New paper on software requirements engineering for the diagnosis and monitoring of Autism Spectrum Disorders

This week, my colleague and PhD student Catherine Tryfona will present a joint paper entitled: Software Requirements Engineering in Digital Healthcare: A Case Study of the Diagnosis and Monitoring of Autism Spectrum Disorders in Children in the UK’s National Health Service at DHM 2017, the 8th International Conference on Digital Human Modeling, part of HCI International 2017 in Toronto.

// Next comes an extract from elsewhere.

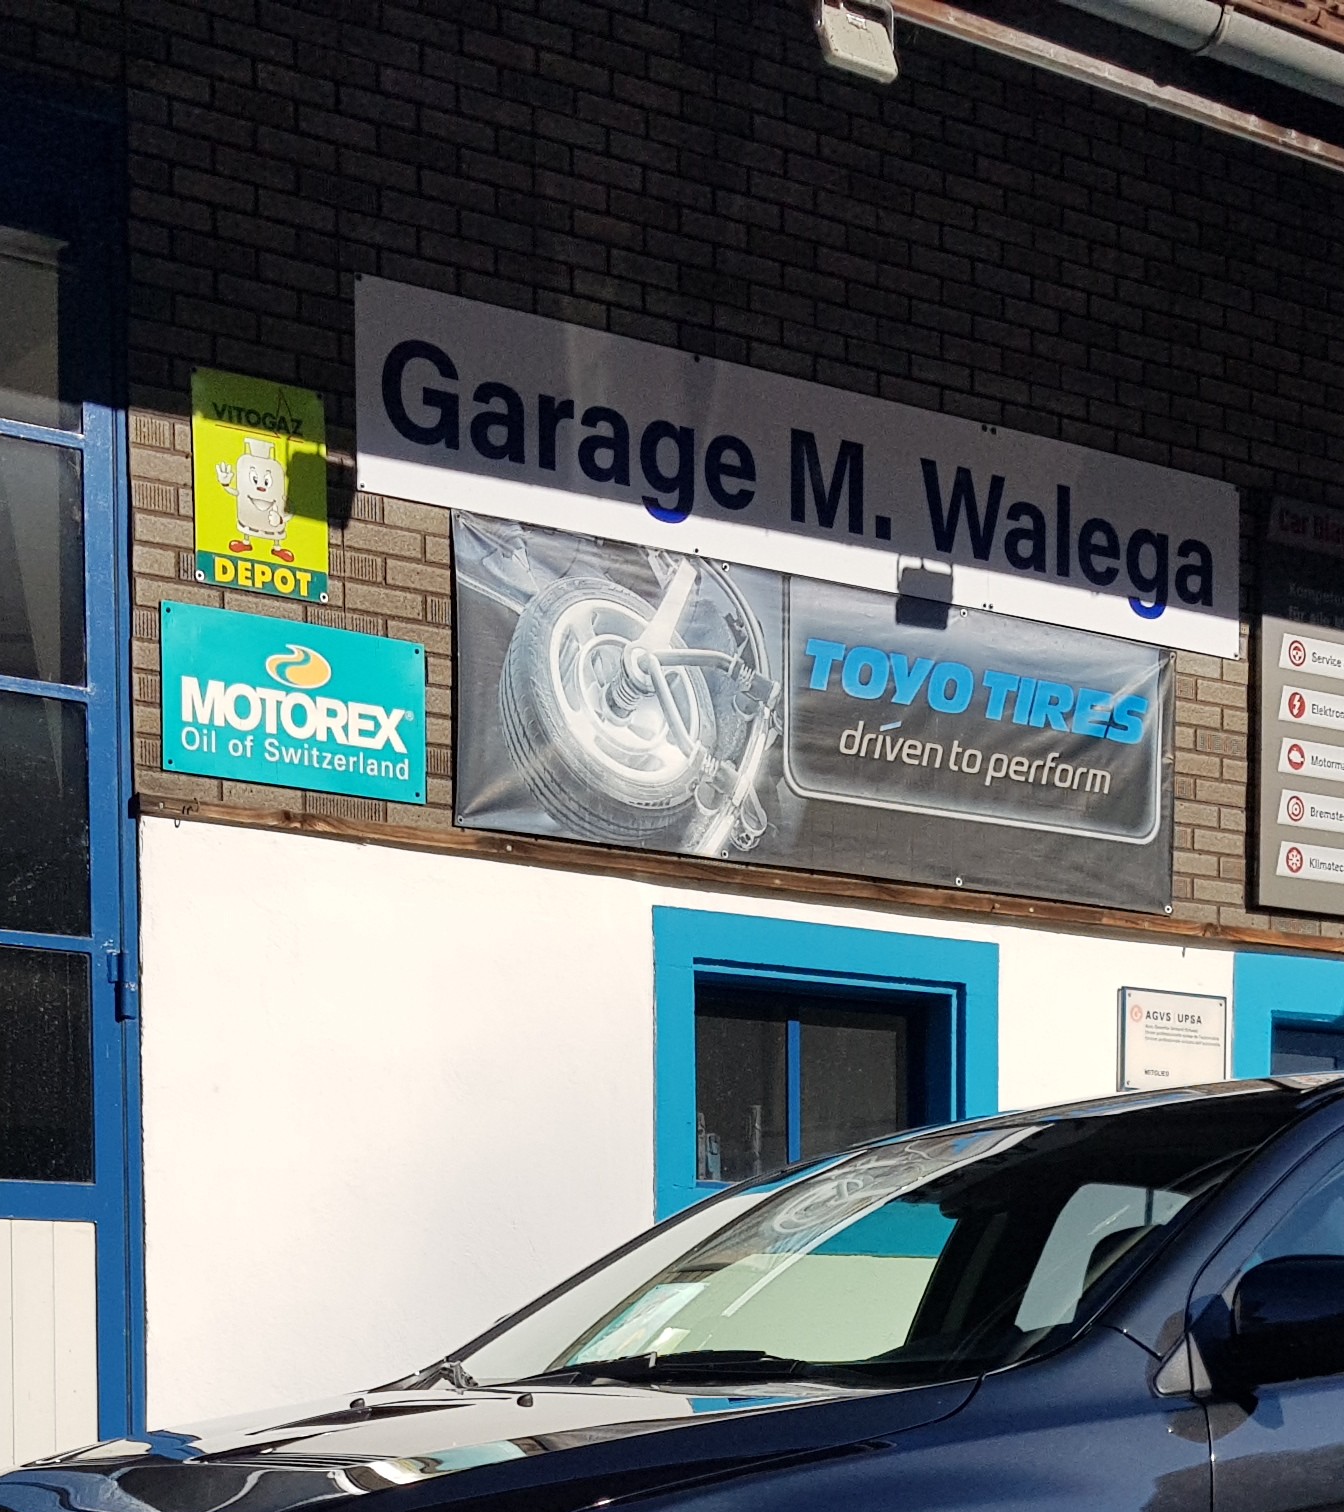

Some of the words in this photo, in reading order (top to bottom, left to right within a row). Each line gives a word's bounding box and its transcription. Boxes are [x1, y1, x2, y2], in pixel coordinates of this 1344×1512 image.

The abstract of the paper is below; you can read the full paper (or download a PDF) as part of LNCS 10287:

Software Requirements Engineering in Digital Healthcare: A Case Study of the Diagnosis and Monitoring of Autism Spectrum Disorders in Children in the UK’s National Health Service

Catherine Tryfona, Tom Crick, Ana C. Calderon and Simon Thorne

A major issue in designing digital healthcare software solutions is ensuring they meet the clinical needs and requirements of key services, as well as the expectations of various healthcare professionals. Modern software requirements engineering must be adapted to cater for this demand; we argue that traditional (and popular) requirements engineering processes — particularly in relation to the elicitation and validation of key requirements — may not be the most appropriate within the context of a multi-disciplinary team of healthcare professionals. Successful software requirements engineering is vital in ensuring that digital healthcare solutions fulfill expectations and meet the clinical needs; we thus propose that new methods of gathering requirements in the `third space’ are needed. This paper draws on a case study of the multi-disciplinary team of healthcare professionals involved in the diagnosis and support of autism spectrum disorders (ASD) in young children within the UK’s National Health Service (NHS). It is worth noting that, in the context of our case study, requirements engineering is an iterative process and requires the input of numerous stakeholders from often stretched and fragmented services.